Task brief: Beginning with the line that has "Some of the words", please write out the remaining lines of the material exactly, the last one included.

┌────────

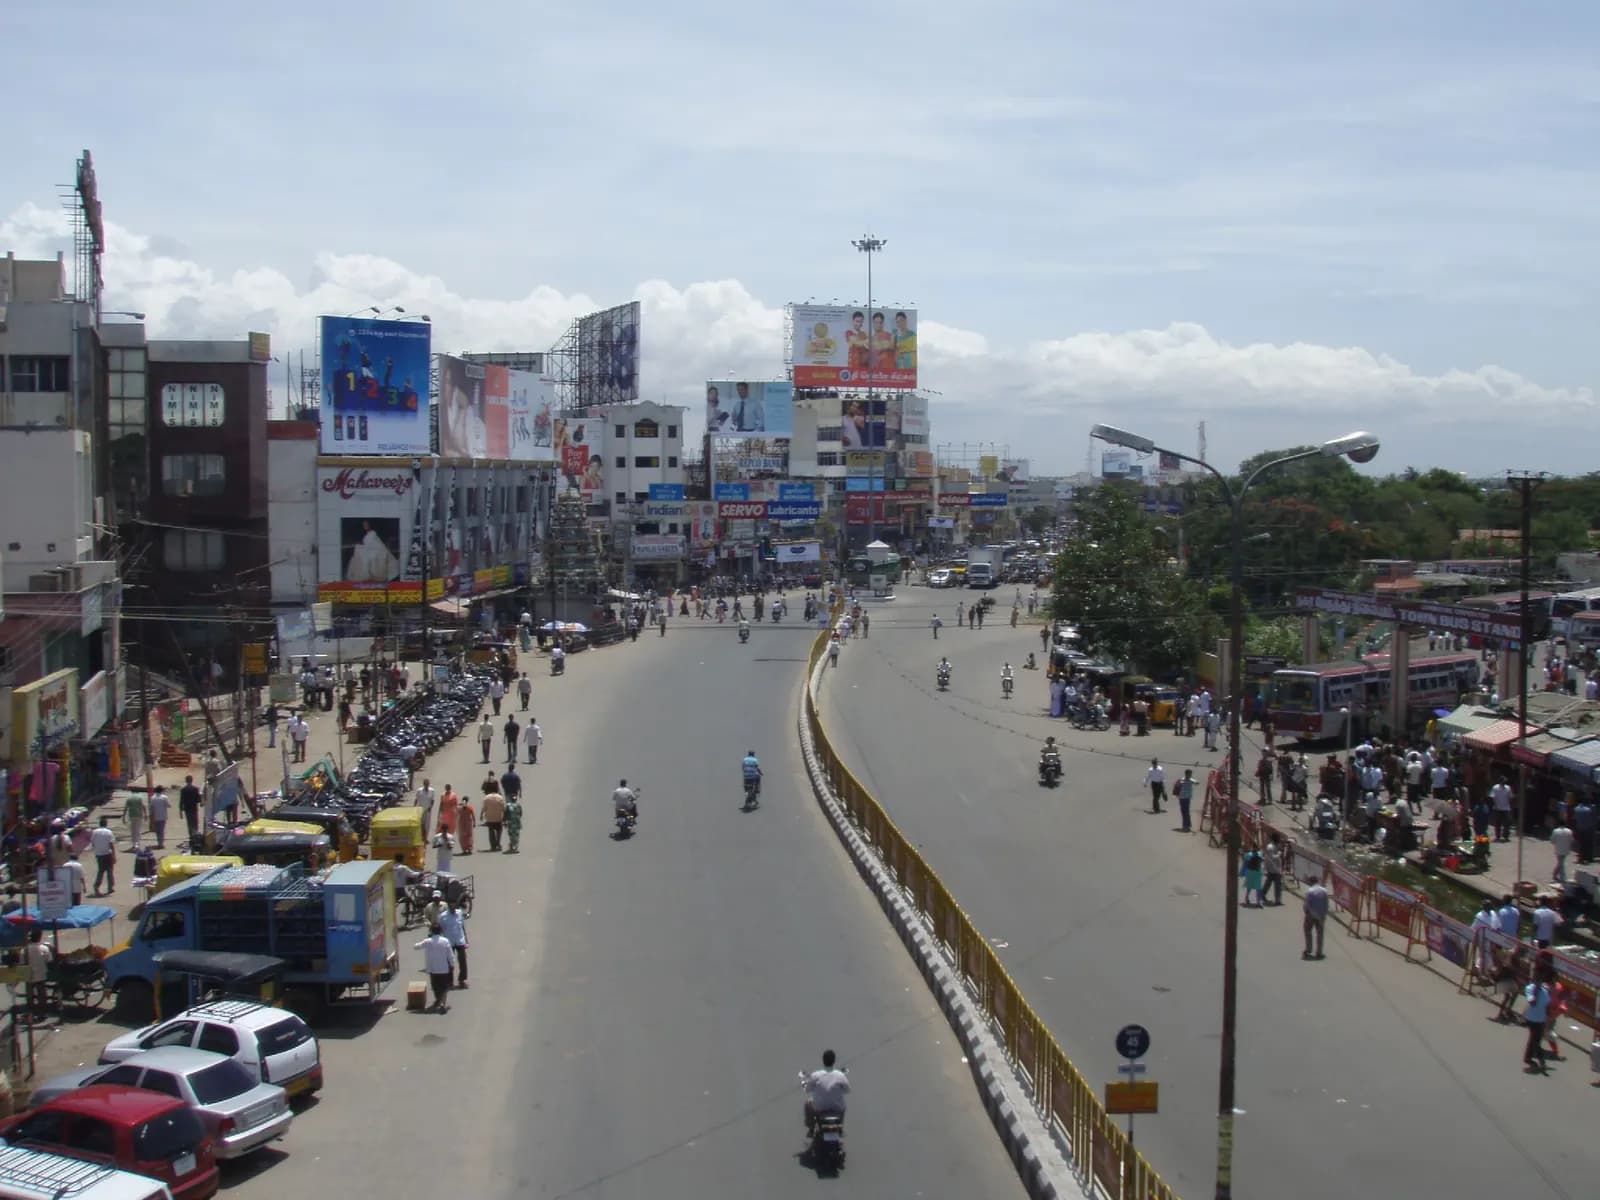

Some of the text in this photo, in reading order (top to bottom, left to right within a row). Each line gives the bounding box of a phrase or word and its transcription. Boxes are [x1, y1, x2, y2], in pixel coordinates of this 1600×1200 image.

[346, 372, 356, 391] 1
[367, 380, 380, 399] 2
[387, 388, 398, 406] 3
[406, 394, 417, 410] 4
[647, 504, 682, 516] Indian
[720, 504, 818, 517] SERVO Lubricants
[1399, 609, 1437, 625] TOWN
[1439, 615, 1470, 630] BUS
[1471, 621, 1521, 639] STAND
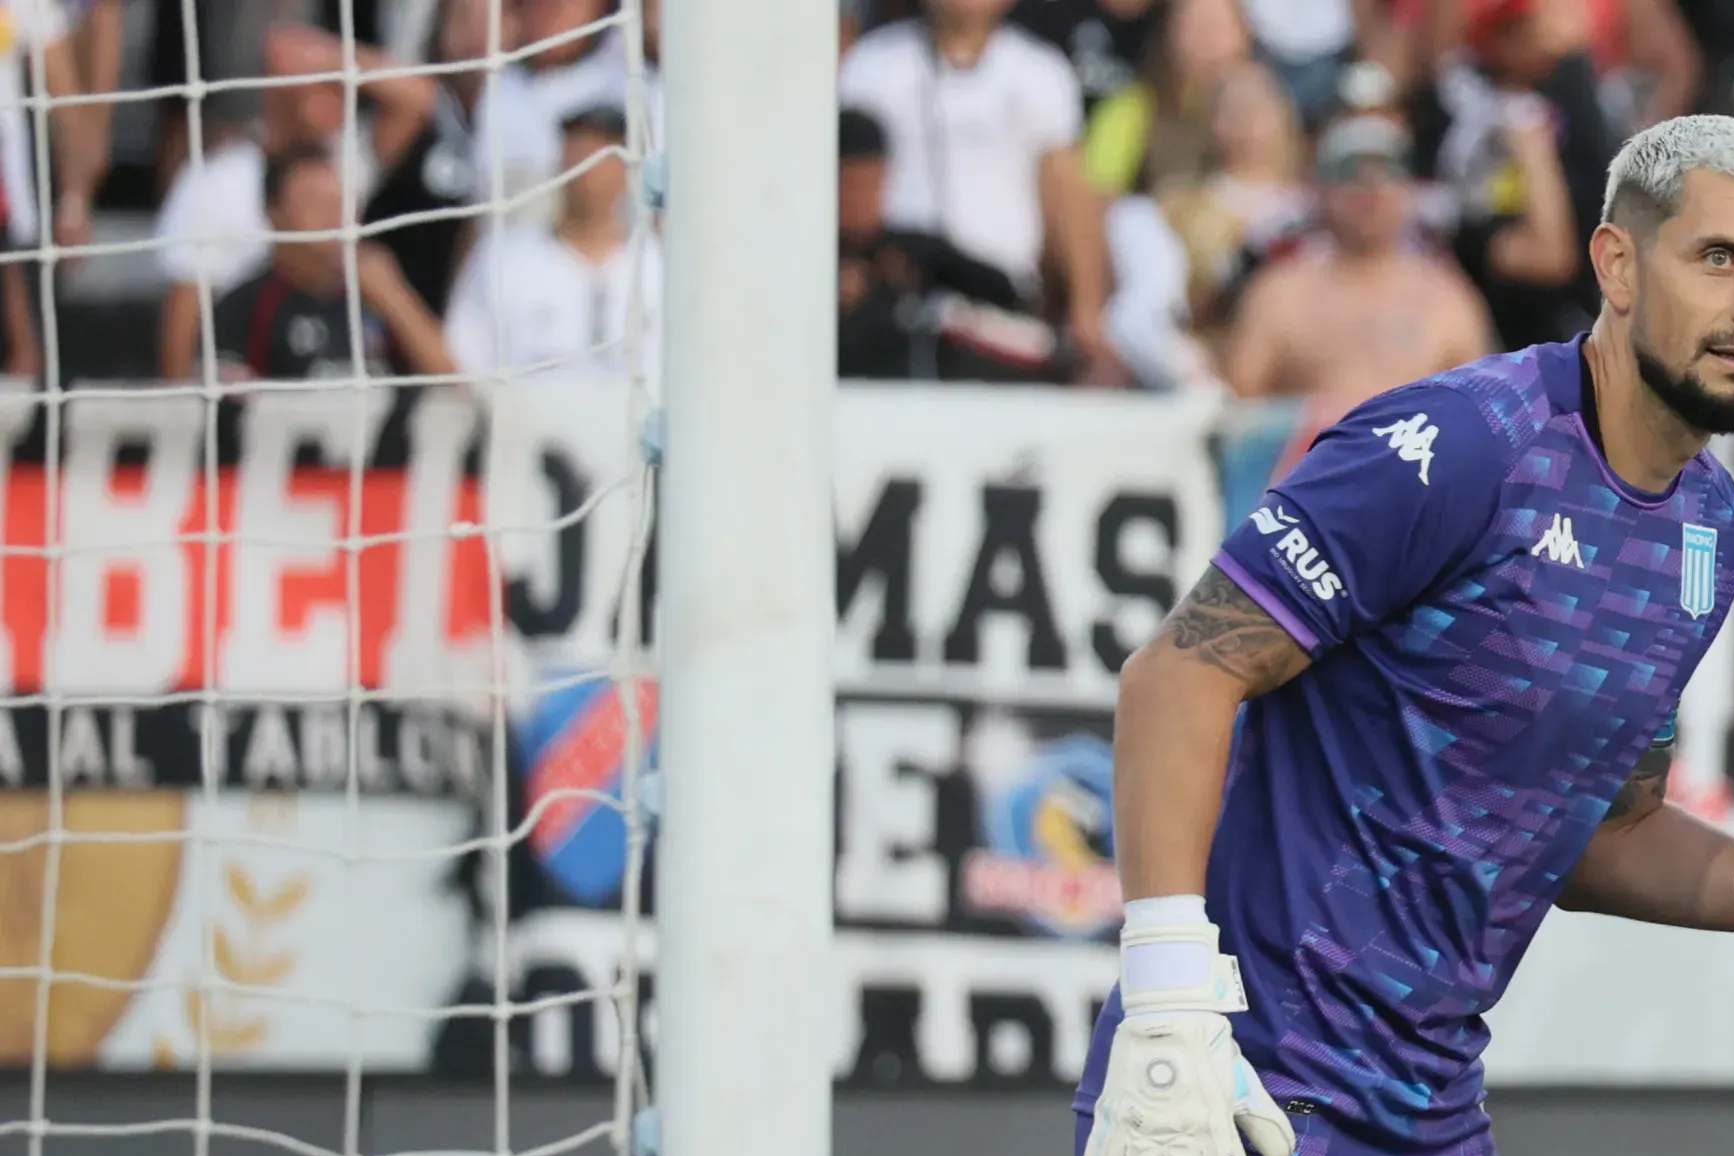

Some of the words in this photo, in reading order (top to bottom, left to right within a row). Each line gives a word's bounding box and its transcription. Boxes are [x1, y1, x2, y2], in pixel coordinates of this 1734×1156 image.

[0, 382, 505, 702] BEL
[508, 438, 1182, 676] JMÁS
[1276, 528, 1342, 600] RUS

└────────

Problem solution:
Some of the words in this photo, in reading order (top to bottom, left to right within a row). Each line gives a word's bounding box and its transcription. Boxes are [x1, y1, x2, y2], in pixel coordinates of this 1734×1156 image.

[0, 382, 505, 702] BEL
[508, 438, 1182, 676] JMÁS
[1276, 528, 1342, 600] RUS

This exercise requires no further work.